How the Everything 1.4 multifile rename pattern matching works:

Find the shortest-filename-length and longest-filename-length.

Find the end-match-length (the text that matches at the end of all filenames).

Subtract the end-match-length from shortest-filename-length
Subtract the end-match-length from longest-filename-length

Loop through all the filename positions (0 - shortest-filename-length-1)
If the character at the current position in the filename is the same for all filenames, emit the character to the format, otherwise emit %x and increment the variable number.

There cannot be consecutive variables (eg: %1%2).
If shortest-filename-length != longest-filename-length emit another variable to the format.

Emit the text that matches at the end of all filenames to the format.

raccoon · Post by **raccoon** » Wed Nov 25, 2020 12:24 am

Ok, so if I've got this right, you start by iterating each string from right-to-left for each file, repeating for each matching character and halting upon the first mismatch character, thus creating our filter suffix.
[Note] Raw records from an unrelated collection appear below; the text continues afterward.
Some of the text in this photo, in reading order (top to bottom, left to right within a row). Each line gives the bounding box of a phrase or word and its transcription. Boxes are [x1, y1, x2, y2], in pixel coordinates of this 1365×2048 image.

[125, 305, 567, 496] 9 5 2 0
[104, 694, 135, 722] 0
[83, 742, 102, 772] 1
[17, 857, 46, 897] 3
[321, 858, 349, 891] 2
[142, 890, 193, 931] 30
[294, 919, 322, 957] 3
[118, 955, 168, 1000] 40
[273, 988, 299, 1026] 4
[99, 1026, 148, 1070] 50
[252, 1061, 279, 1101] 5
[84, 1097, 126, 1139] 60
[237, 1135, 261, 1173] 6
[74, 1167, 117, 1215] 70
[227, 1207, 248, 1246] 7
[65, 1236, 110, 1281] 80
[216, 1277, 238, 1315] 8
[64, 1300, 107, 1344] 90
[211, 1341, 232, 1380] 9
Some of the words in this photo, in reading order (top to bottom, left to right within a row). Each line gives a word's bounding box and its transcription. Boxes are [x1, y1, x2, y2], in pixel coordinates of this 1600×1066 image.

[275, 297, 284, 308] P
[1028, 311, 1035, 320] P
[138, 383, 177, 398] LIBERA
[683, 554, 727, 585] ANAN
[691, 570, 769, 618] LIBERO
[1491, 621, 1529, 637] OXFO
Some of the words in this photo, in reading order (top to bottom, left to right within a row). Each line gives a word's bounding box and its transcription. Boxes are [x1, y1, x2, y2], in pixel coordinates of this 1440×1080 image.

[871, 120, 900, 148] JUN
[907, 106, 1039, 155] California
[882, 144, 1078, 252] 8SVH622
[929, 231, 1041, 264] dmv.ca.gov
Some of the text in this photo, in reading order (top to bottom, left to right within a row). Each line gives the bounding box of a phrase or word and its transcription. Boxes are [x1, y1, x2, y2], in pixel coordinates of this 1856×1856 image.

Then we do the same iterating each string from left-to-right until we hit a mismatch character, in which we drop a variable %N. I'm not sure though, at this point, how you pick up for finding substring pattern synchronization.

In most compare algorithms, there's going to be a synchronization 'window' of N-bytes. The smaller the window, the narrower the opportunity for synchronization, but also faster to iterate. I don't see you mention a window here.

Post by **void** » Wed Nov 25, 2020 12:30 am

There is no window. There is no substring matching.

Everything looks for matches only at the same position for each filename.
Which can lead to weird matches:

a b c
123 4

%1 %2
-The space in the format above matches the space 3rd position for each filename.

This issue is not as noticeable when using more filenames.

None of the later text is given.